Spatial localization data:

-- Opening Marker --

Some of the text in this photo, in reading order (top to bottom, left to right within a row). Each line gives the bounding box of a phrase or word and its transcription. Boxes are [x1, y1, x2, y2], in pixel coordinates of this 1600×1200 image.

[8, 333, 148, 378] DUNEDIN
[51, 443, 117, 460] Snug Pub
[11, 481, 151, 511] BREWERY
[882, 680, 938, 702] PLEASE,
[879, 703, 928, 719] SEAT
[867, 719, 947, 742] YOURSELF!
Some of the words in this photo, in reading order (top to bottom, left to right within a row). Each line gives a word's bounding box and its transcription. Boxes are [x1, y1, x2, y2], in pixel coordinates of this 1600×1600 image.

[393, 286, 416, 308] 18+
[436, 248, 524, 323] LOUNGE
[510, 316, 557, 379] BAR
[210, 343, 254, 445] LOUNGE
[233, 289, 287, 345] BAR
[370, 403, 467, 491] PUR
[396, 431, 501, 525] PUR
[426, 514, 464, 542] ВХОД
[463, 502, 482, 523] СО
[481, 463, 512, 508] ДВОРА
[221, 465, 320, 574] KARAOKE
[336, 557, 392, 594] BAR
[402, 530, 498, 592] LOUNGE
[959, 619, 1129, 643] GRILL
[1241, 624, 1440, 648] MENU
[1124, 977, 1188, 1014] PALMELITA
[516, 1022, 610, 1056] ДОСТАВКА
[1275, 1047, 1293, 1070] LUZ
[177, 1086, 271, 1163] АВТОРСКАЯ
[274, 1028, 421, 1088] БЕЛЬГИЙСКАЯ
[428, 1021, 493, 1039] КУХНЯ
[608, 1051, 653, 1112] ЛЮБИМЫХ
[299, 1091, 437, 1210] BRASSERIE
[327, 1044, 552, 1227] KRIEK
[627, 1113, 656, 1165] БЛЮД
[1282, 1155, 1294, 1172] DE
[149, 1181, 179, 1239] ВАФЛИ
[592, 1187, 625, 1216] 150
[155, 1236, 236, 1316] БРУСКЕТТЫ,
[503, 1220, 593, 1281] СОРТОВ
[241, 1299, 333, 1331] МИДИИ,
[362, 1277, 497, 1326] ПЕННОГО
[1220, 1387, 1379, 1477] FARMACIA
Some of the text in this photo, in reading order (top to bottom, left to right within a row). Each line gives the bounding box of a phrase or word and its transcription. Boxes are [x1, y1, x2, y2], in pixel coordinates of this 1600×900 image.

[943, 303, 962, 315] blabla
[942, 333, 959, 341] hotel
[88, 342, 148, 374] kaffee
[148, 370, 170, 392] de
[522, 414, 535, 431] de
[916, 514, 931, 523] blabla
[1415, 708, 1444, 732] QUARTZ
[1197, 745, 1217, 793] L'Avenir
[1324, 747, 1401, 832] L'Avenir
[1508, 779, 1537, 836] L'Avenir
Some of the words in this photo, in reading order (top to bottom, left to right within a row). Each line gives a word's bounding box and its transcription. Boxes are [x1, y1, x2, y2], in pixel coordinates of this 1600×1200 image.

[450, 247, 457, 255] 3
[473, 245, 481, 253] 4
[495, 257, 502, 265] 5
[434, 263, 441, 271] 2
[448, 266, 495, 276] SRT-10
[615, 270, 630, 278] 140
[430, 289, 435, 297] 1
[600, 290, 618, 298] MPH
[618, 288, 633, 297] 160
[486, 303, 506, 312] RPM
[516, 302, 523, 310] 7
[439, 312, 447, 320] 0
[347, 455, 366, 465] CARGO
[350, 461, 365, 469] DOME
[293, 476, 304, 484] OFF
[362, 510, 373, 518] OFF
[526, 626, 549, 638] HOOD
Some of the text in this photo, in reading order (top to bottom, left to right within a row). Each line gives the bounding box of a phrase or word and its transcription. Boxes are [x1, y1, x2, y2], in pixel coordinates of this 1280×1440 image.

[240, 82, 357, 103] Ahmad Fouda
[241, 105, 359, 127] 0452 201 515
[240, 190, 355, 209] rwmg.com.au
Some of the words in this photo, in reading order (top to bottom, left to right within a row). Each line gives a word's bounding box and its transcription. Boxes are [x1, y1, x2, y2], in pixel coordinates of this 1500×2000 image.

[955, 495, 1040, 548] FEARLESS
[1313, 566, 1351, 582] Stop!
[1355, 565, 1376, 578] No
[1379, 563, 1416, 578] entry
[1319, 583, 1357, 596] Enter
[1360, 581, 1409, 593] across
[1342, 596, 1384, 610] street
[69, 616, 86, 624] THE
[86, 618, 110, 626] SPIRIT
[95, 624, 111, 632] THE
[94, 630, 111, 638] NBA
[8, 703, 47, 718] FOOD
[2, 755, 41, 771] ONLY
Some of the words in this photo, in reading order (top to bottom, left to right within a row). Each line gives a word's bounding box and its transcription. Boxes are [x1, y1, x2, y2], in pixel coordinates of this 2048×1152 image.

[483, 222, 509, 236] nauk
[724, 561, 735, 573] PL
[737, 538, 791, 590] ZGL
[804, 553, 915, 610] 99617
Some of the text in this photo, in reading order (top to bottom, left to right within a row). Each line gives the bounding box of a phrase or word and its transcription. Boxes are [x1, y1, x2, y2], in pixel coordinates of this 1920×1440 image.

-- Closing Marker --

EXERCISE INSTRUCTIONS: Nothing should be altered. Set down all the data again.

RESULT OF THE TASK:
Some of the text in this photo, in reading order (top to bottom, left to right within a row). Each line gives the bounding box of a phrase or word and its transcription. Boxes are [x1, y1, x2, y2], in pixel coordinates of this 1600×1200 image.

[8, 333, 148, 378] DUNEDIN
[51, 443, 117, 460] Snug Pub
[11, 481, 151, 511] BREWERY
[882, 680, 938, 702] PLEASE,
[879, 703, 928, 719] SEAT
[867, 719, 947, 742] YOURSELF!
Some of the words in this photo, in reading order (top to bottom, left to right within a row). Each line gives a word's bounding box and its transcription. Boxes are [x1, y1, x2, y2], in pixel coordinates of this 1600×1600 image.

[393, 286, 416, 308] 18+
[436, 248, 524, 323] LOUNGE
[510, 316, 557, 379] BAR
[210, 343, 254, 445] LOUNGE
[233, 289, 287, 345] BAR
[370, 403, 467, 491] PUR
[396, 431, 501, 525] PUR
[426, 514, 464, 542] ВХОД
[463, 502, 482, 523] СО
[481, 463, 512, 508] ДВОРА
[221, 465, 320, 574] KARAOKE
[336, 557, 392, 594] BAR
[402, 530, 498, 592] LOUNGE
[959, 619, 1129, 643] GRILL
[1241, 624, 1440, 648] MENU
[1124, 977, 1188, 1014] PALMELITA
[516, 1022, 610, 1056] ДОСТАВКА
[1275, 1047, 1293, 1070] LUZ
[177, 1086, 271, 1163] АВТОРСКАЯ
[274, 1028, 421, 1088] БЕЛЬГИЙСКАЯ
[428, 1021, 493, 1039] КУХНЯ
[608, 1051, 653, 1112] ЛЮБИМЫХ
[299, 1091, 437, 1210] BRASSERIE
[327, 1044, 552, 1227] KRIEK
[627, 1113, 656, 1165] БЛЮД
[1282, 1155, 1294, 1172] DE
[149, 1181, 179, 1239] ВАФЛИ
[592, 1187, 625, 1216] 150
[155, 1236, 236, 1316] БРУСКЕТТЫ,
[503, 1220, 593, 1281] СОРТОВ
[241, 1299, 333, 1331] МИДИИ,
[362, 1277, 497, 1326] ПЕННОГО
[1220, 1387, 1379, 1477] FARMACIA
Some of the text in this photo, in reading order (top to bottom, left to right within a row). Each line gives the bounding box of a phrase or word and its transcription. Boxes are [x1, y1, x2, y2], in pixel coordinates of this 1600×900 image.

[943, 303, 962, 315] blabla
[942, 333, 959, 341] hotel
[88, 342, 148, 374] kaffee
[148, 370, 170, 392] de
[522, 414, 535, 431] de
[916, 514, 931, 523] blabla
[1415, 708, 1444, 732] QUARTZ
[1197, 745, 1217, 793] L'Avenir
[1324, 747, 1401, 832] L'Avenir
[1508, 779, 1537, 836] L'Avenir
Some of the words in this photo, in reading order (top to bottom, left to right within a row). Each line gives a word's bounding box and its transcription. Boxes are [x1, y1, x2, y2], in pixel coordinates of this 1600×1200 image.

[450, 247, 457, 255] 3
[473, 245, 481, 253] 4
[495, 257, 502, 265] 5
[434, 263, 441, 271] 2
[448, 266, 495, 276] SRT-10
[615, 270, 630, 278] 140
[430, 289, 435, 297] 1
[600, 290, 618, 298] MPH
[618, 288, 633, 297] 160
[486, 303, 506, 312] RPM
[516, 302, 523, 310] 7
[439, 312, 447, 320] 0
[347, 455, 366, 465] CARGO
[350, 461, 365, 469] DOME
[293, 476, 304, 484] OFF
[362, 510, 373, 518] OFF
[526, 626, 549, 638] HOOD
Some of the text in this photo, in reading order (top to bottom, left to right within a row). Each line gives the bounding box of a phrase or word and its transcription. Boxes are [x1, y1, x2, y2], in pixel coordinates of this 1280×1440 image.

[240, 82, 357, 103] Ahmad Fouda
[241, 105, 359, 127] 0452 201 515
[240, 190, 355, 209] rwmg.com.au
Some of the words in this photo, in reading order (top to bottom, left to right within a row). Each line gives a word's bounding box and its transcription. Boxes are [x1, y1, x2, y2], in pixel coordinates of this 1500×2000 image.

[955, 495, 1040, 548] FEARLESS
[1313, 566, 1351, 582] Stop!
[1355, 565, 1376, 578] No
[1379, 563, 1416, 578] entry
[1319, 583, 1357, 596] Enter
[1360, 581, 1409, 593] across
[1342, 596, 1384, 610] street
[69, 616, 86, 624] THE
[86, 618, 110, 626] SPIRIT
[95, 624, 111, 632] THE
[94, 630, 111, 638] NBA
[8, 703, 47, 718] FOOD
[2, 755, 41, 771] ONLY
Some of the words in this photo, in reading order (top to bottom, left to right within a row). Each line gives a word's bounding box and its transcription. Boxes are [x1, y1, x2, y2], in pixel coordinates of this 2048×1152 image.

[483, 222, 509, 236] nauk
[724, 561, 735, 573] PL
[737, 538, 791, 590] ZGL
[804, 553, 915, 610] 99617
Some of the text in this photo, in reading order (top to bottom, left to right within a row). Each line gives the bounding box of a phrase or word and its transcription. Boxes are [x1, y1, x2, y2], in pixel coordinates of this 1920×1440 image.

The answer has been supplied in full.